[Given records]
*-*-*

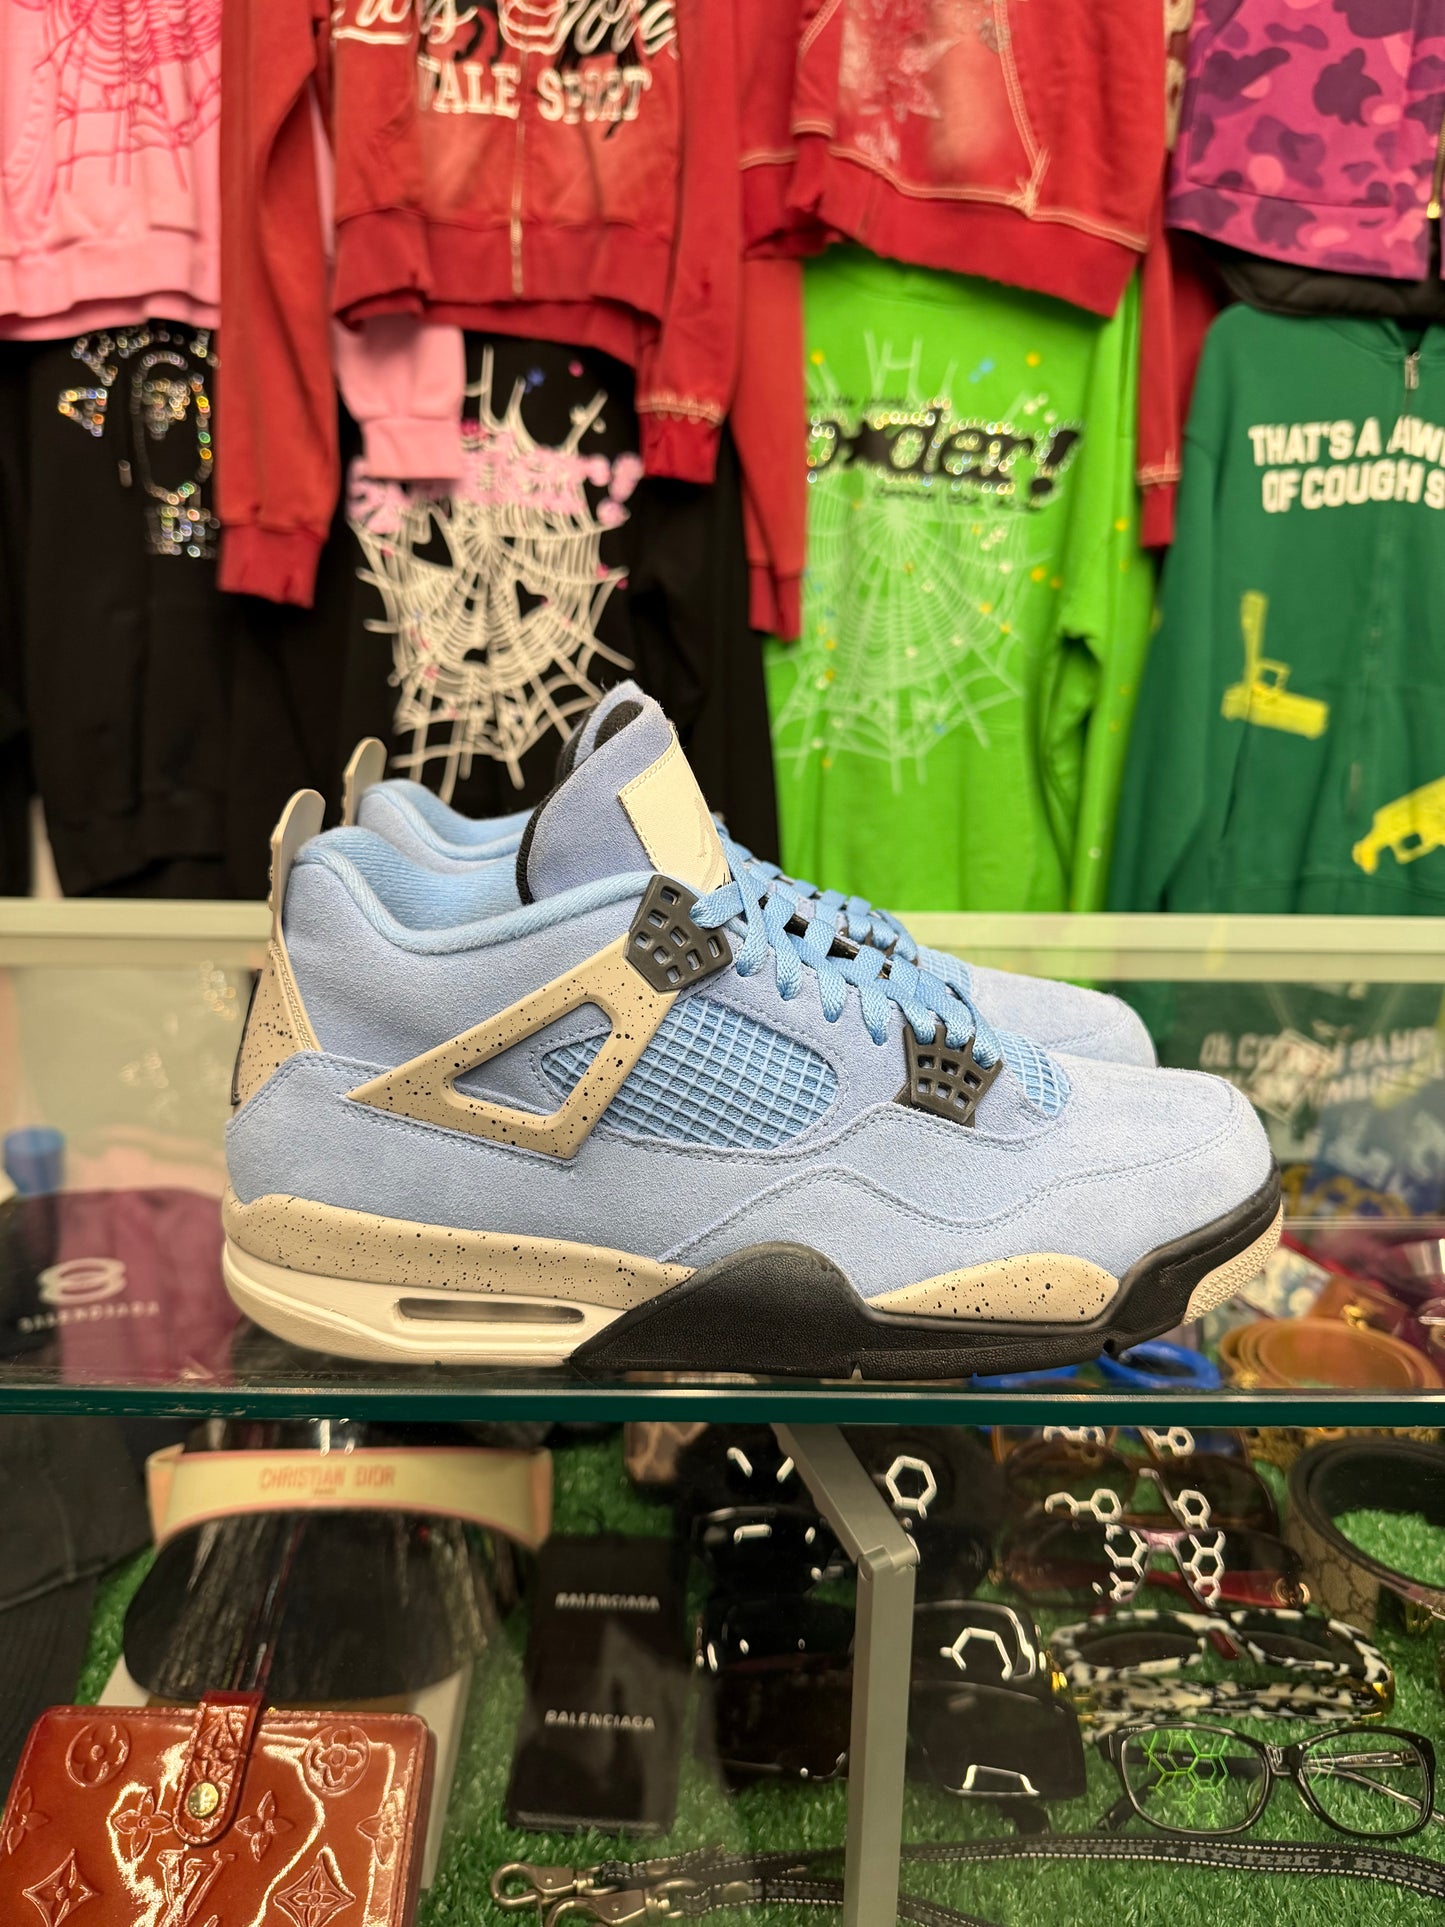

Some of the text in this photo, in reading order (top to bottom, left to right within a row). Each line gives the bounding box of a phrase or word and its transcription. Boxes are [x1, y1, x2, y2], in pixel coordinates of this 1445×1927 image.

[1248, 414, 1445, 468] THAT'S A AW
[1262, 468, 1299, 513] OF
[1302, 459, 1425, 510] COUGH
[259, 1464, 396, 1491] CHRISTIAN DIOR
[555, 1592, 660, 1612] BALENCIAGA
[545, 1709, 655, 1731] BALENCIAGA
[1188, 1843, 1320, 1866] HYSTERIC

*-*-*

[Exercise aim] Transcribe the complete set of entries verbatim. No pictures belong in the copy.

[Solution for this task]
Some of the text in this photo, in reading order (top to bottom, left to right within a row). Each line gives the bounding box of a phrase or word and its transcription. Boxes are [x1, y1, x2, y2], in pixel coordinates of this 1445×1927 image.

[1248, 414, 1445, 468] THAT'S A AW
[1262, 468, 1299, 513] OF
[1302, 459, 1425, 510] COUGH
[259, 1464, 396, 1491] CHRISTIAN DIOR
[555, 1592, 660, 1612] BALENCIAGA
[545, 1709, 655, 1731] BALENCIAGA
[1188, 1843, 1320, 1866] HYSTERIC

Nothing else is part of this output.